Crawford will inbound with 11.5 

Foul on Carter

Rose will shoot 2


----------



## Jizzy (Aug 24, 2005)

Let's go Dick!!!!!!!!!!


----------



## squaleca (Mar 5, 2005)

were up 15 who cares who has the ball oh yea VC has to score 30 sorry Vinsane!!!


----------



## ToddMacCulloch11 (May 31, 2003)

Hbwoy said:


> I believe Wright will be getting a lot of playing time in this game.


 and Zoran hopefully


----------



## GM3 (May 5, 2005)

Cliffy misses a 3

M. Rose is in pain, hes down but looks fine.


----------



## ToddMacCulloch11 (May 31, 2003)

*Halftime*
Nets 53
Knicks 40

13 point halftime lead...I'll take it.


----------



## Vinsane (Feb 27, 2005)

boy aren't we lucky we are playin the knicks up 13 without givin the ball to vince to shoot for 10 minutes wow let this have been the spurs or someone


----------



## squaleca (Mar 5, 2005)

player of the half!! new jeresy Nets well actually id say New York Knicks!!!


----------



## GM3 (May 5, 2005)

I want Jackie Butler on the Nets!


----------



## mjm1 (Aug 22, 2005)

Vinsane said:


> boy aren't we lucky we are playin the knicks up 13 without givin the ball to vince to shoot for 10 minutes wow let this have been the spurs or someone


can you please shutup.


----------



## squaleca (Mar 5, 2005)

yes i agree vince needs to shoot more on the road!!!


----------



## Vinsane (Feb 27, 2005)

TD isn't playin against the raptors anyone know what is wrong


----------



## Jizzy (Aug 24, 2005)

AHHHHH, Me can't take it no more

Ta na na. Na na na na an


----------



## GM3 (May 5, 2005)

Vinsane said:


> TD isn't playin against the raptors anyone know what is wrong


Flu

Anyone notice that Duncan always misses the game before we play him and then ends up playing against us, I swear that is the 3rd or 4th time that has happened.


----------



## ToddMacCulloch11 (May 31, 2003)

Vinsane said:


> boy aren't we lucky we are playin the knicks up 13 without givin the ball to vince to shoot for 10 minutes wow let this have been the spurs or someone


 That doesn't really make sense.

If the Knicks were doing anything to keep this a close game, Vince would probably be doing more scoring wise. But since thats not the case, he's not trying to score himself.


----------



## pinoyboy231 (Aug 3, 2005)

i hope td doesnt play on friday im goin to dat game i want da nets to win!


----------



## Kidd To Carter515 (Aug 4, 2005)

Everybody's pissed off at Krstic, but he has 10 points and 5 rebounds.

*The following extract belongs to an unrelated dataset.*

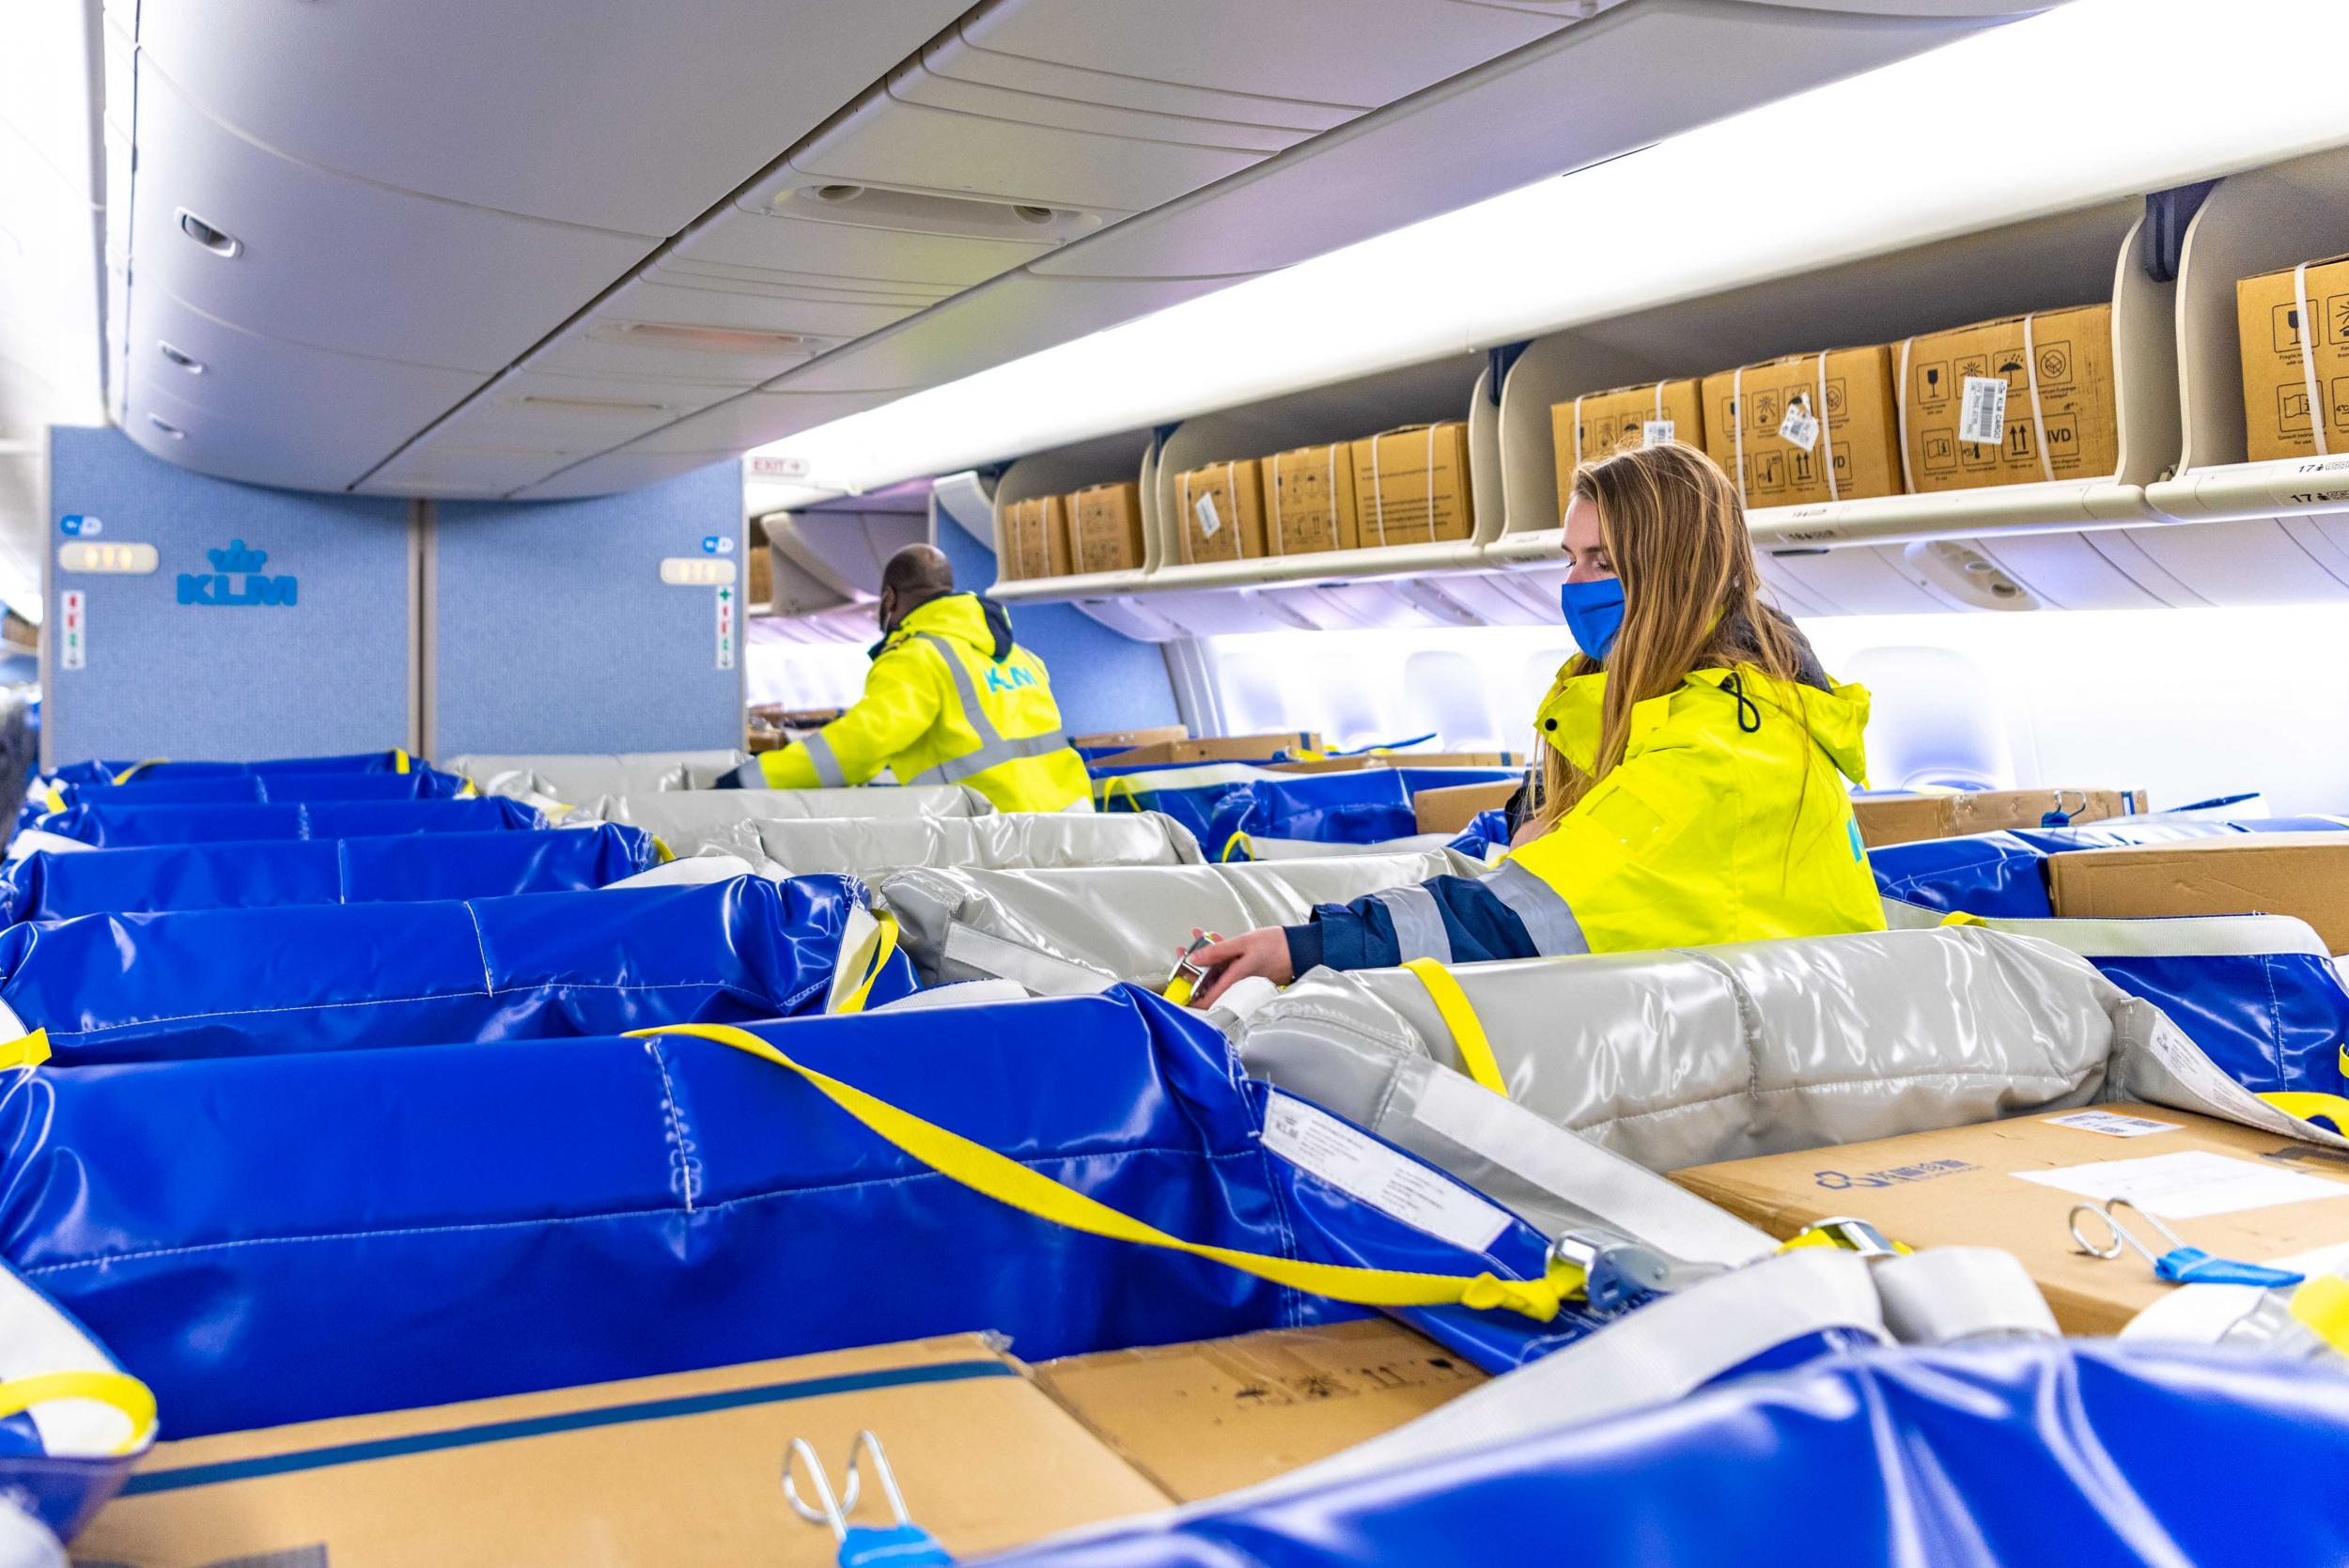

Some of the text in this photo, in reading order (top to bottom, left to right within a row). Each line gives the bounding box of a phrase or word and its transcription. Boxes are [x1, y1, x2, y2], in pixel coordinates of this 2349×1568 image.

Highs in both Pts. and Reb.


----------



## amaru (Dec 13, 2005)

antoine wright must play in 2.half,i think...


----------



## ToddMacCulloch11 (May 31, 2003)

amaru said:


> antoine wright must play in 2.half,i think...


 yeah, if things keep going like this, he'll see plenty of time. Zoran too hopefully, it'd be good to see him out tehre.


----------



## pinoyboy231 (Aug 3, 2005)

nets are leading in the assist category 18-8!


----------



## XRay34 (Nov 2, 2005)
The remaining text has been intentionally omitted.